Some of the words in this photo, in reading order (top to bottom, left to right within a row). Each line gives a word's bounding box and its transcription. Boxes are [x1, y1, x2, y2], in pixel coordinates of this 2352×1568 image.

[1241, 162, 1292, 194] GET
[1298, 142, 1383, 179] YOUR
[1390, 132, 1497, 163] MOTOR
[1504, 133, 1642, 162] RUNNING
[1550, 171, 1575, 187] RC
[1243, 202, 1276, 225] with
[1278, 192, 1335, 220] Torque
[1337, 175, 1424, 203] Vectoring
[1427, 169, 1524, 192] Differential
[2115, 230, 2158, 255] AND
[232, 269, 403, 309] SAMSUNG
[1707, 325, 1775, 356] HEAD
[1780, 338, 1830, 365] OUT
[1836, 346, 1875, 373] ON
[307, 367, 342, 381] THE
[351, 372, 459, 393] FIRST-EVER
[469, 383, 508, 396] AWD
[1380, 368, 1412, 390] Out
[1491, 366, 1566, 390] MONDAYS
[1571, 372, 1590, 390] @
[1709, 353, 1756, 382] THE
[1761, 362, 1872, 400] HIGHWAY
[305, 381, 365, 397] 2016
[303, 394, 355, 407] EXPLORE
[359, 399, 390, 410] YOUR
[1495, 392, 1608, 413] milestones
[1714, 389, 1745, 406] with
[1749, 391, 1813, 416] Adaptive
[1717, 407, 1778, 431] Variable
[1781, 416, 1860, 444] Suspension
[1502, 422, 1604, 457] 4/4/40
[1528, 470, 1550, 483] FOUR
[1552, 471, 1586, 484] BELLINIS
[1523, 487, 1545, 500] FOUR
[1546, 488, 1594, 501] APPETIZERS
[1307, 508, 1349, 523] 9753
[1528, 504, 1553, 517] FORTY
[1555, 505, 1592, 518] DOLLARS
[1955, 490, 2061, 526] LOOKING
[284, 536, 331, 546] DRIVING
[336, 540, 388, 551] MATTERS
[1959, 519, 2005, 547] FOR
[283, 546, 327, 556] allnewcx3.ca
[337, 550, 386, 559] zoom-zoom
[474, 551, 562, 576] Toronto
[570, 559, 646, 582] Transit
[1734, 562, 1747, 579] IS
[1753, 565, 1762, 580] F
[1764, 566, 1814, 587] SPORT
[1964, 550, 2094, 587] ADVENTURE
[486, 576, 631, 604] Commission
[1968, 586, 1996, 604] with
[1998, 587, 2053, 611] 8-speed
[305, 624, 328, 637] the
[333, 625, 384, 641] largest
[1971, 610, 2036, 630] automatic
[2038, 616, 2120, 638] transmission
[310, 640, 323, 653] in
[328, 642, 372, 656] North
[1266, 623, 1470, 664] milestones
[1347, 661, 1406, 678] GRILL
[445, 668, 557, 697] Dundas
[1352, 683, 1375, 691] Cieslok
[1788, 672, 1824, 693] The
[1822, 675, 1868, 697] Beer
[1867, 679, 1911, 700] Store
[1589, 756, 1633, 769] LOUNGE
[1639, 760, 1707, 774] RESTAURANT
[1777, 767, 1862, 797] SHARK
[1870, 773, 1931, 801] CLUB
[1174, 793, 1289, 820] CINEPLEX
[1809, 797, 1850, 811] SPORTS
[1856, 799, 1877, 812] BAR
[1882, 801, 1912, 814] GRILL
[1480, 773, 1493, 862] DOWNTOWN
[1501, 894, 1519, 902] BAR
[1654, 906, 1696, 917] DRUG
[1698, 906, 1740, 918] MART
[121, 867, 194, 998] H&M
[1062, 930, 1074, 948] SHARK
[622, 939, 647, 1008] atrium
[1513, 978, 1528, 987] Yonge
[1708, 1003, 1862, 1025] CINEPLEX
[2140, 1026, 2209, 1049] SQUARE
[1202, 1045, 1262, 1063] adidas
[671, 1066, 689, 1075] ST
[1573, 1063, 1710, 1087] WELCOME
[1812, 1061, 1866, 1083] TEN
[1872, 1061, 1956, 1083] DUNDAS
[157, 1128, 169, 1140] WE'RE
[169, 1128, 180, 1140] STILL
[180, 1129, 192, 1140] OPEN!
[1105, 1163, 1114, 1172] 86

..........

- _WHAT IS NEEDED_: Print every record above exactly as written.

- _ANSWER SPACE_:
Some of the words in this photo, in reading order (top to bottom, left to right within a row). Each line gives a word's bounding box and its transcription. Boxes are [x1, y1, x2, y2], in pixel coordinates of this 2352×1568 image.

[1241, 162, 1292, 194] GET
[1298, 142, 1383, 179] YOUR
[1390, 132, 1497, 163] MOTOR
[1504, 133, 1642, 162] RUNNING
[1550, 171, 1575, 187] RC
[1243, 202, 1276, 225] with
[1278, 192, 1335, 220] Torque
[1337, 175, 1424, 203] Vectoring
[1427, 169, 1524, 192] Differential
[2115, 230, 2158, 255] AND
[232, 269, 403, 309] SAMSUNG
[1707, 325, 1775, 356] HEAD
[1780, 338, 1830, 365] OUT
[1836, 346, 1875, 373] ON
[307, 367, 342, 381] THE
[351, 372, 459, 393] FIRST-EVER
[469, 383, 508, 396] AWD
[1380, 368, 1412, 390] Out
[1491, 366, 1566, 390] MONDAYS
[1571, 372, 1590, 390] @
[1709, 353, 1756, 382] THE
[1761, 362, 1872, 400] HIGHWAY
[305, 381, 365, 397] 2016
[303, 394, 355, 407] EXPLORE
[359, 399, 390, 410] YOUR
[1495, 392, 1608, 413] milestones
[1714, 389, 1745, 406] with
[1749, 391, 1813, 416] Adaptive
[1717, 407, 1778, 431] Variable
[1781, 416, 1860, 444] Suspension
[1502, 422, 1604, 457] 4/4/40
[1528, 470, 1550, 483] FOUR
[1552, 471, 1586, 484] BELLINIS
[1523, 487, 1545, 500] FOUR
[1546, 488, 1594, 501] APPETIZERS
[1307, 508, 1349, 523] 9753
[1528, 504, 1553, 517] FORTY
[1555, 505, 1592, 518] DOLLARS
[1955, 490, 2061, 526] LOOKING
[284, 536, 331, 546] DRIVING
[336, 540, 388, 551] MATTERS
[1959, 519, 2005, 547] FOR
[283, 546, 327, 556] allnewcx3.ca
[337, 550, 386, 559] zoom-zoom
[474, 551, 562, 576] Toronto
[570, 559, 646, 582] Transit
[1734, 562, 1747, 579] IS
[1753, 565, 1762, 580] F
[1764, 566, 1814, 587] SPORT
[1964, 550, 2094, 587] ADVENTURE
[486, 576, 631, 604] Commission
[1968, 586, 1996, 604] with
[1998, 587, 2053, 611] 8-speed
[305, 624, 328, 637] the
[333, 625, 384, 641] largest
[1971, 610, 2036, 630] automatic
[2038, 616, 2120, 638] transmission
[310, 640, 323, 653] in
[328, 642, 372, 656] North
[1266, 623, 1470, 664] milestones
[1347, 661, 1406, 678] GRILL
[445, 668, 557, 697] Dundas
[1352, 683, 1375, 691] Cieslok
[1788, 672, 1824, 693] The
[1822, 675, 1868, 697] Beer
[1867, 679, 1911, 700] Store
[1589, 756, 1633, 769] LOUNGE
[1639, 760, 1707, 774] RESTAURANT
[1777, 767, 1862, 797] SHARK
[1870, 773, 1931, 801] CLUB
[1174, 793, 1289, 820] CINEPLEX
[1809, 797, 1850, 811] SPORTS
[1856, 799, 1877, 812] BAR
[1882, 801, 1912, 814] GRILL
[1480, 773, 1493, 862] DOWNTOWN
[1501, 894, 1519, 902] BAR
[1654, 906, 1696, 917] DRUG
[1698, 906, 1740, 918] MART
[121, 867, 194, 998] H&M
[1062, 930, 1074, 948] SHARK
[622, 939, 647, 1008] atrium
[1513, 978, 1528, 987] Yonge
[1708, 1003, 1862, 1025] CINEPLEX
[2140, 1026, 2209, 1049] SQUARE
[1202, 1045, 1262, 1063] adidas
[671, 1066, 689, 1075] ST
[1573, 1063, 1710, 1087] WELCOME
[1812, 1061, 1866, 1083] TEN
[1872, 1061, 1956, 1083] DUNDAS
[157, 1128, 169, 1140] WE'RE
[169, 1128, 180, 1140] STILL
[180, 1129, 192, 1140] OPEN!
[1105, 1163, 1114, 1172] 86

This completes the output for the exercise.